(Task statement) Write an exact copy of the entries below that leaves out all pictures.
### Data provided ###
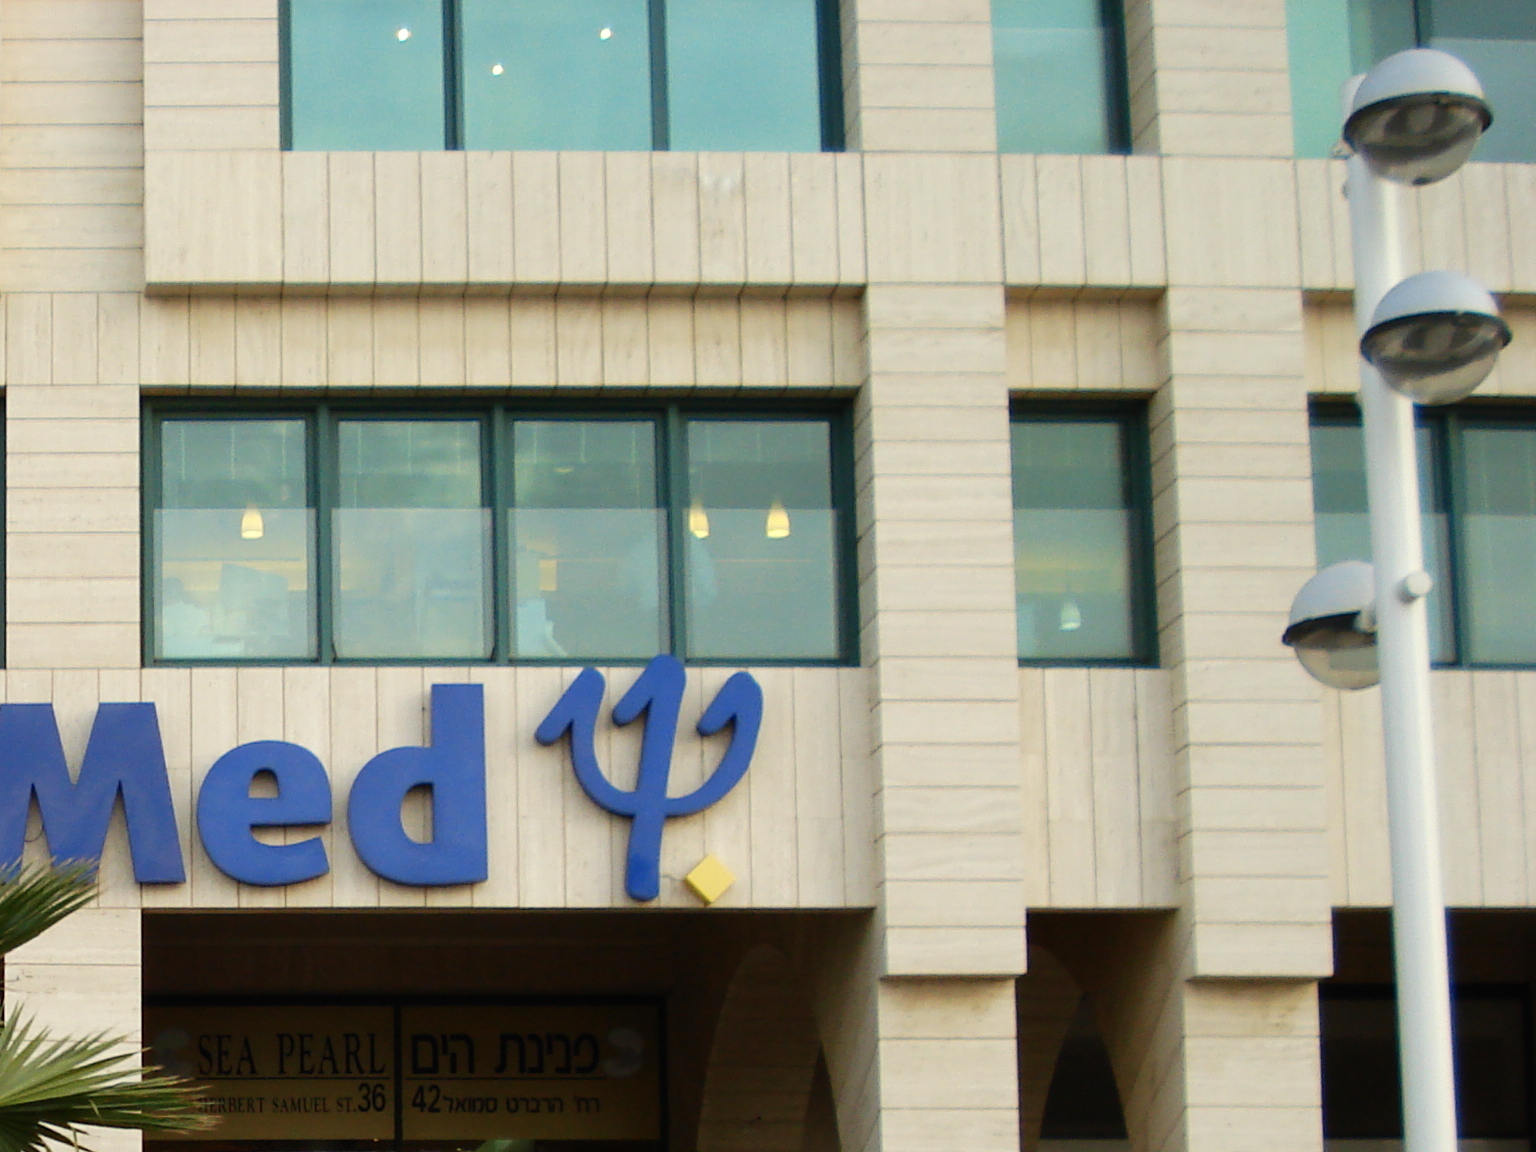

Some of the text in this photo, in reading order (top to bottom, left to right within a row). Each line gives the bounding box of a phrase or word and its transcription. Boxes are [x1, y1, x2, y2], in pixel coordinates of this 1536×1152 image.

[197, 1032, 386, 1076] SEA PEARL
[411, 1032, 600, 1075] פנינת הים
[271, 1097, 330, 1114] SAMUEL
[358, 1082, 386, 1113] 36
[411, 1084, 441, 1113] 42
[505, 1096, 564, 1114] הרברט
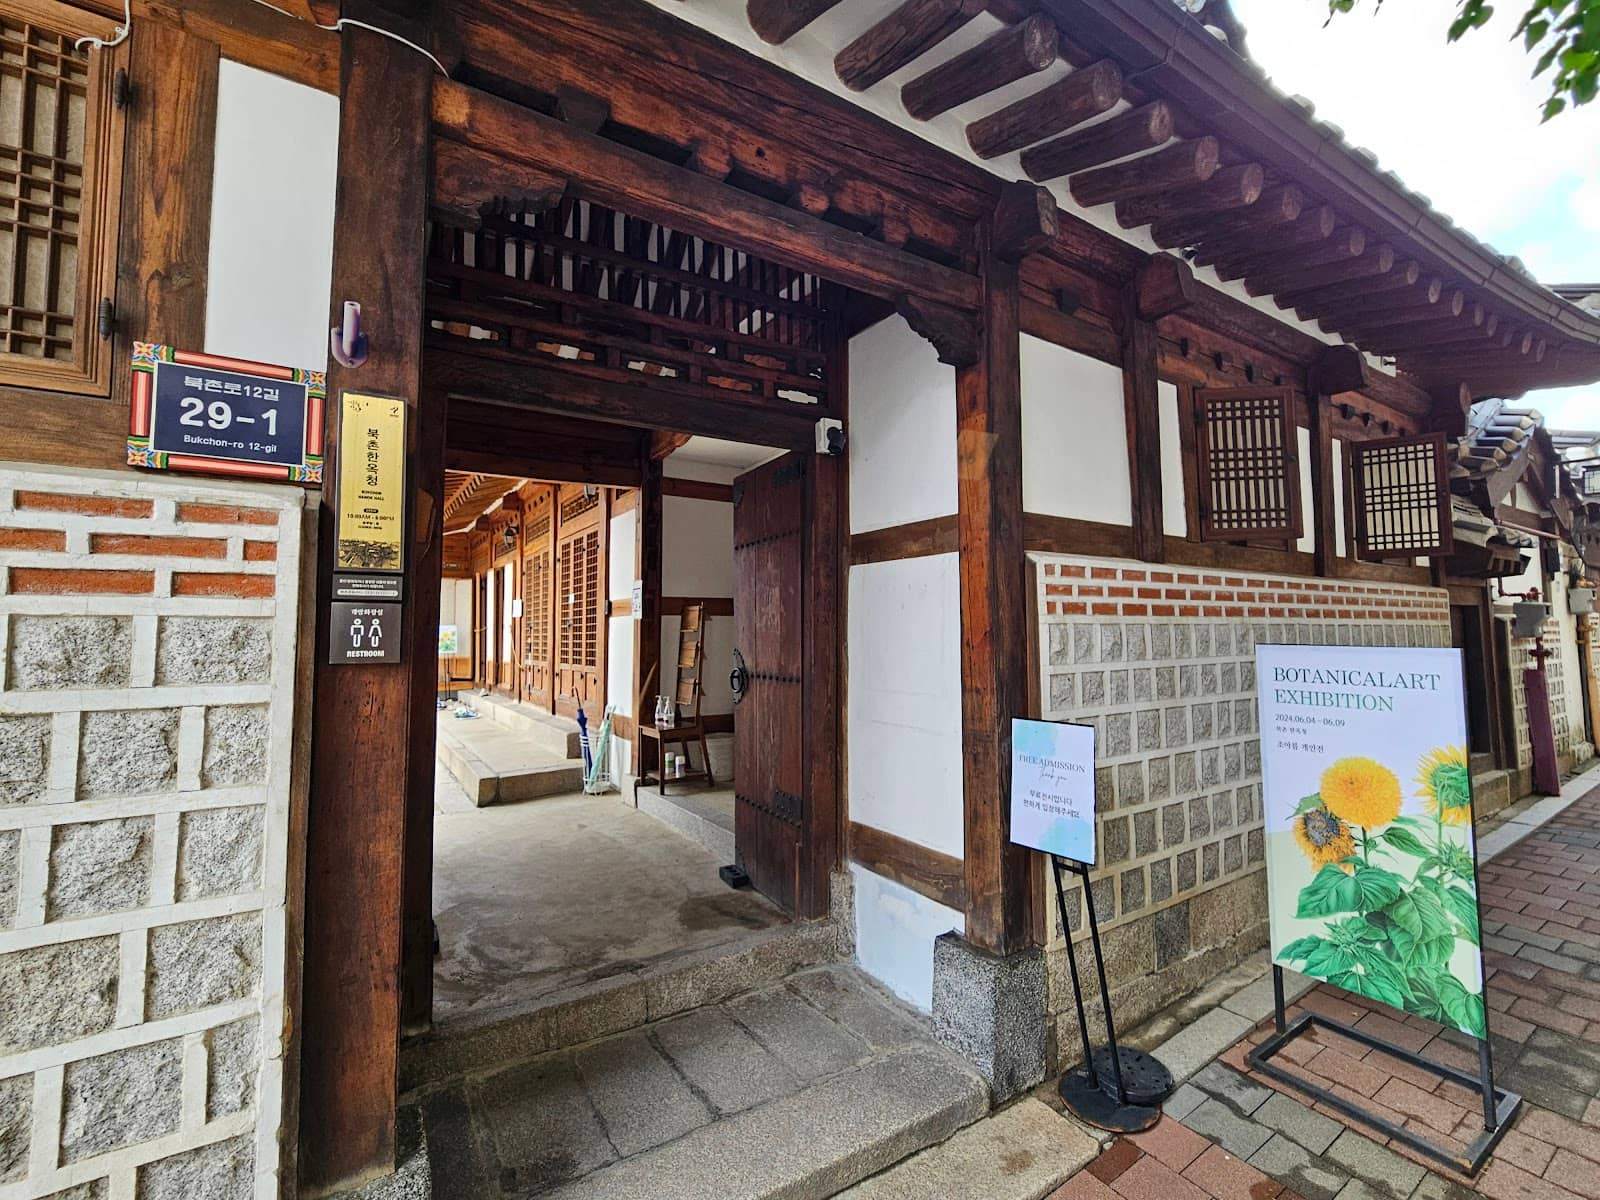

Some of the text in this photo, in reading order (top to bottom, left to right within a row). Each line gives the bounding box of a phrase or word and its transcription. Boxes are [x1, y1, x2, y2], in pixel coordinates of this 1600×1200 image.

[184, 375, 280, 401] 북촌로12길
[179, 396, 278, 436] 29-1
[183, 434, 278, 454] Bukchon-ro 12-gil
[365, 427, 380, 487] 북촌한옥청
[346, 650, 385, 658] RESTROOM
[1274, 688, 1394, 712] EXHIBITION
###
(Answer)
Some of the text in this photo, in reading order (top to bottom, left to right within a row). Each line gives the bounding box of a phrase or word and its transcription. Boxes are [x1, y1, x2, y2], in pixel coordinates of this 1536×1152 image.

[197, 1032, 386, 1076] SEA PEARL
[411, 1032, 600, 1075] פנינת הים
[271, 1097, 330, 1114] SAMUEL
[358, 1082, 386, 1113] 36
[411, 1084, 441, 1113] 42
[505, 1096, 564, 1114] הרברט

Some of the text in this photo, in reading order (top to bottom, left to right within a row). Each line gives the bounding box of a phrase or word and its transcription. Boxes are [x1, y1, x2, y2], in pixel coordinates of this 1600×1200 image.

[184, 375, 280, 401] 북촌로12길
[179, 396, 278, 436] 29-1
[183, 434, 278, 454] Bukchon-ro 12-gil
[365, 427, 380, 487] 북촌한옥청
[346, 650, 385, 658] RESTROOM
[1274, 688, 1394, 712] EXHIBITION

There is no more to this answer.